(Dataset entries)
-=-=-

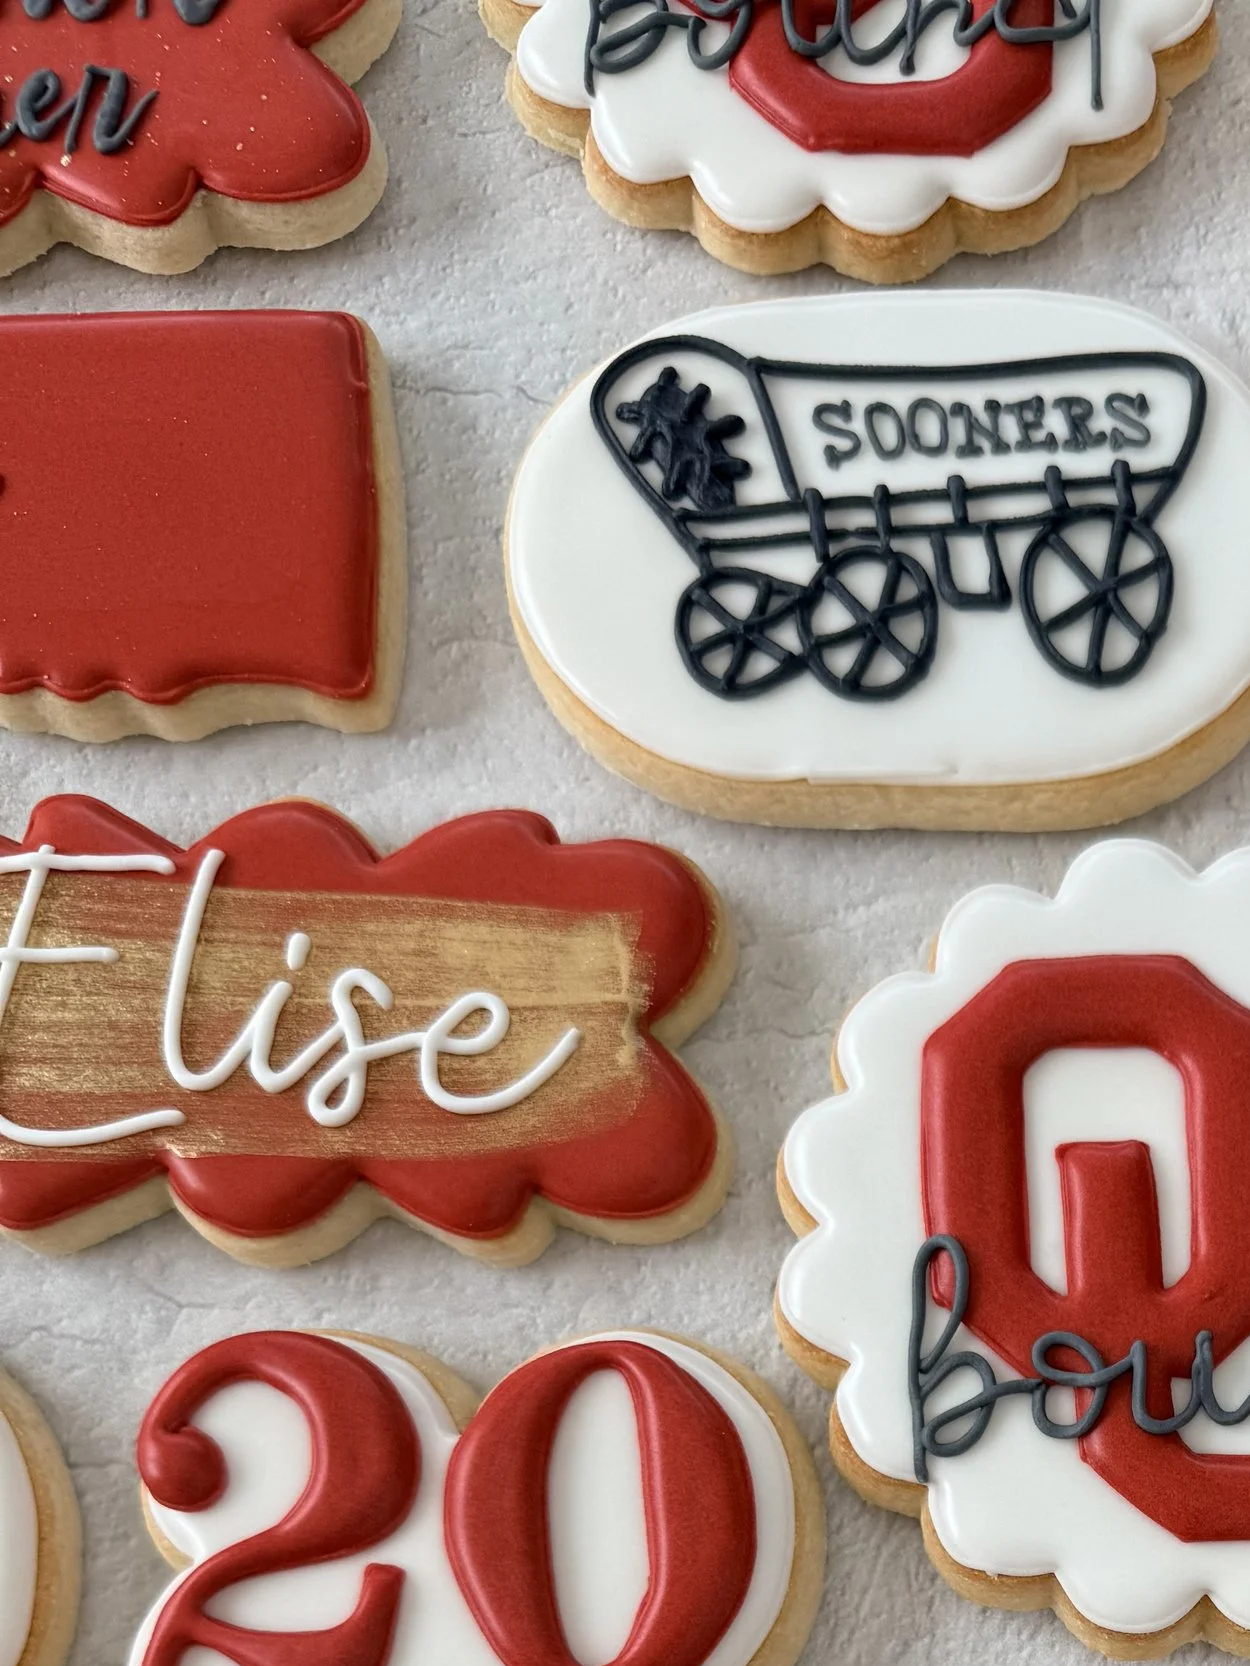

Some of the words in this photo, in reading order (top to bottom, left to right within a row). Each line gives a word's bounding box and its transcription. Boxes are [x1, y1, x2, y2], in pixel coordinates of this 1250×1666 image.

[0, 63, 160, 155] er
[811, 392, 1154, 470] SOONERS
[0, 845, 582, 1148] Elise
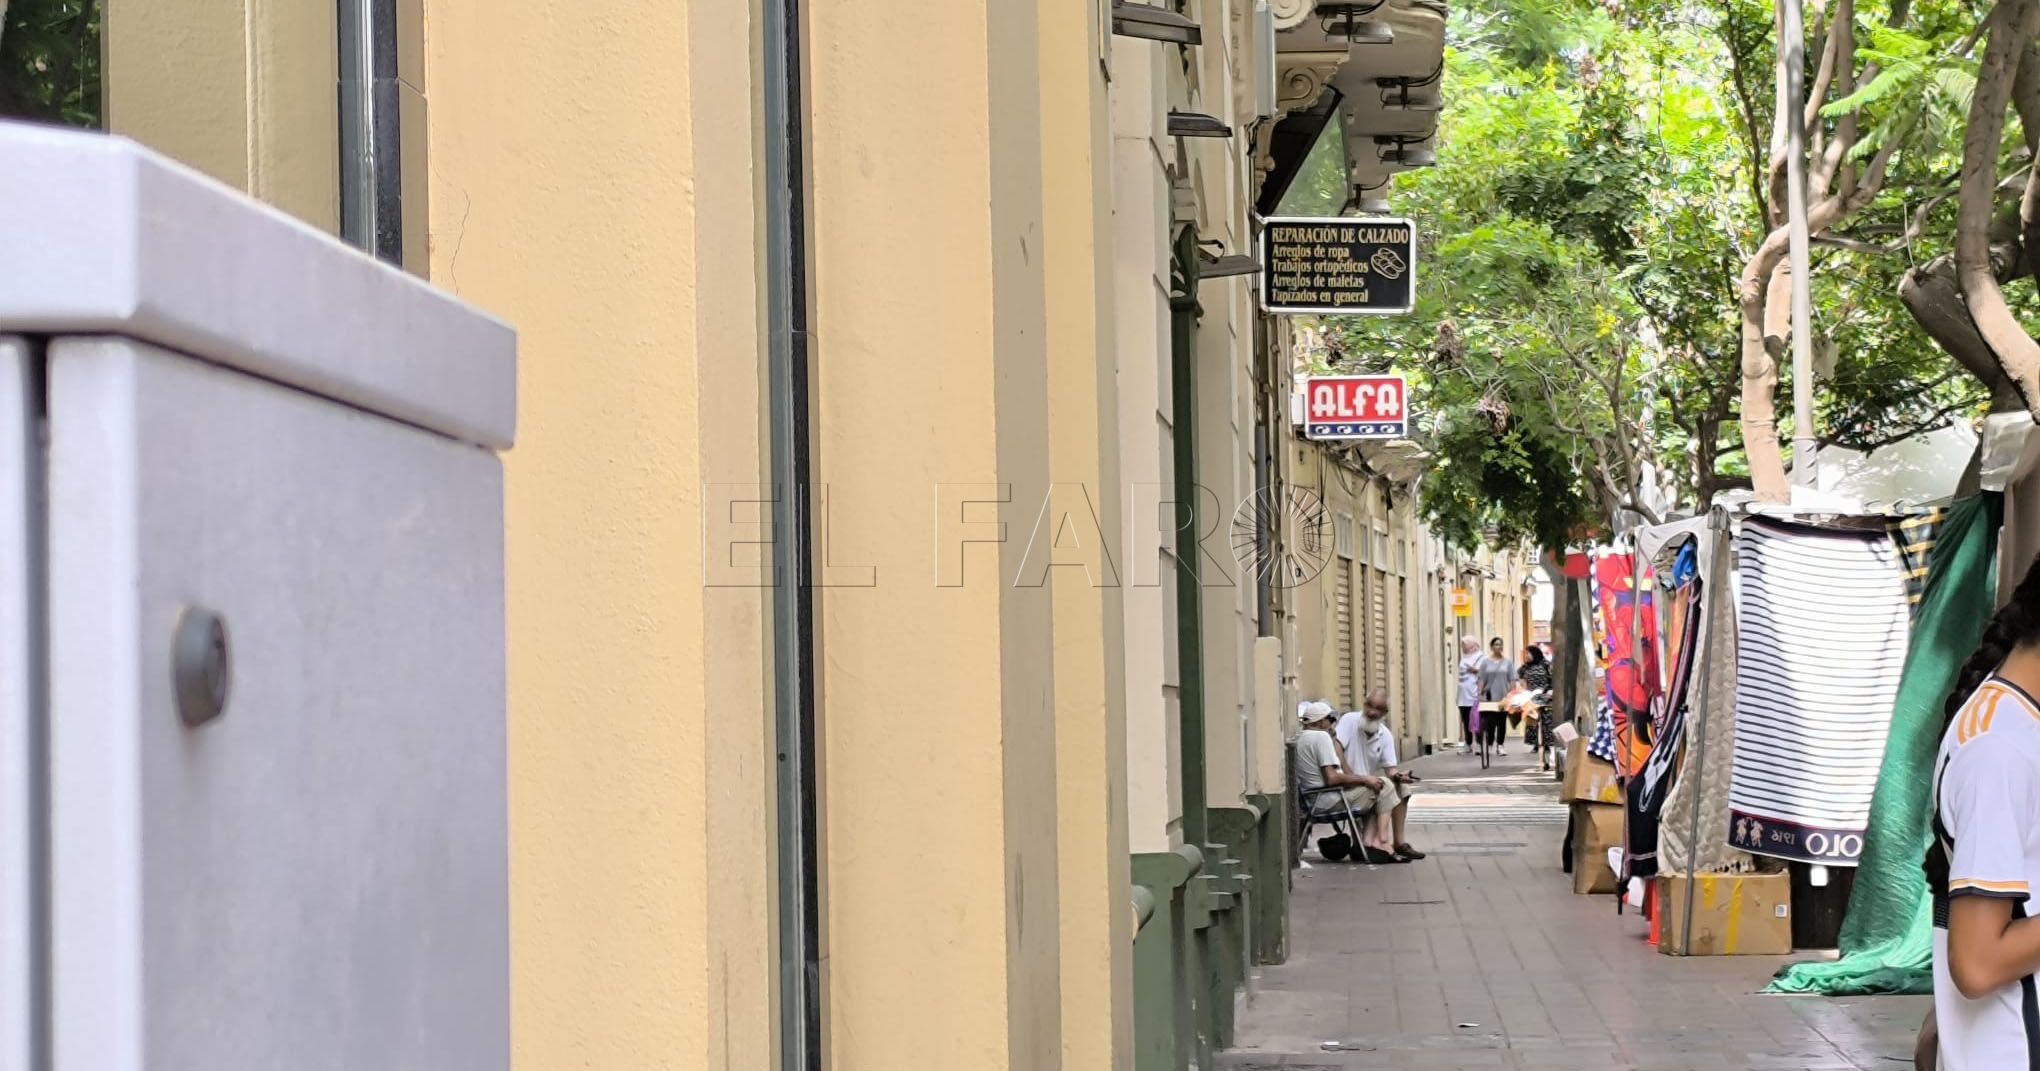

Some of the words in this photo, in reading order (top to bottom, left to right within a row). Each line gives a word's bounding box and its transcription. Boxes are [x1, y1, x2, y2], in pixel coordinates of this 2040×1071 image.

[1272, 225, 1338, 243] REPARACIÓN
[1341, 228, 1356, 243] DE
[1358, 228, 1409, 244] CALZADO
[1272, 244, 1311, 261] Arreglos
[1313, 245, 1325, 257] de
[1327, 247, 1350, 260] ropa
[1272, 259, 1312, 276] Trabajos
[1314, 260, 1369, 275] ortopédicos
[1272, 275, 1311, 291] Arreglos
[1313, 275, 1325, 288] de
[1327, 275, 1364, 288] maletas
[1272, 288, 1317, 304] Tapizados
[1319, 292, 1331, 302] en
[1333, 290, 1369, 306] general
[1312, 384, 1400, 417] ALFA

-=-=-

[Task to complete]
With the line containing "this 2040×1071 image." as the first and the last line of the records as the final one, print exactly the lines in that span.

[Problem solution]
Some of the words in this photo, in reading order (top to bottom, left to right within a row). Each line gives a word's bounding box and its transcription. Boxes are [x1, y1, x2, y2], in pixel coordinates of this 2040×1071 image.

[1272, 225, 1338, 243] REPARACIÓN
[1341, 228, 1356, 243] DE
[1358, 228, 1409, 244] CALZADO
[1272, 244, 1311, 261] Arreglos
[1313, 245, 1325, 257] de
[1327, 247, 1350, 260] ropa
[1272, 259, 1312, 276] Trabajos
[1314, 260, 1369, 275] ortopédicos
[1272, 275, 1311, 291] Arreglos
[1313, 275, 1325, 288] de
[1327, 275, 1364, 288] maletas
[1272, 288, 1317, 304] Tapizados
[1319, 292, 1331, 302] en
[1333, 290, 1369, 306] general
[1312, 384, 1400, 417] ALFA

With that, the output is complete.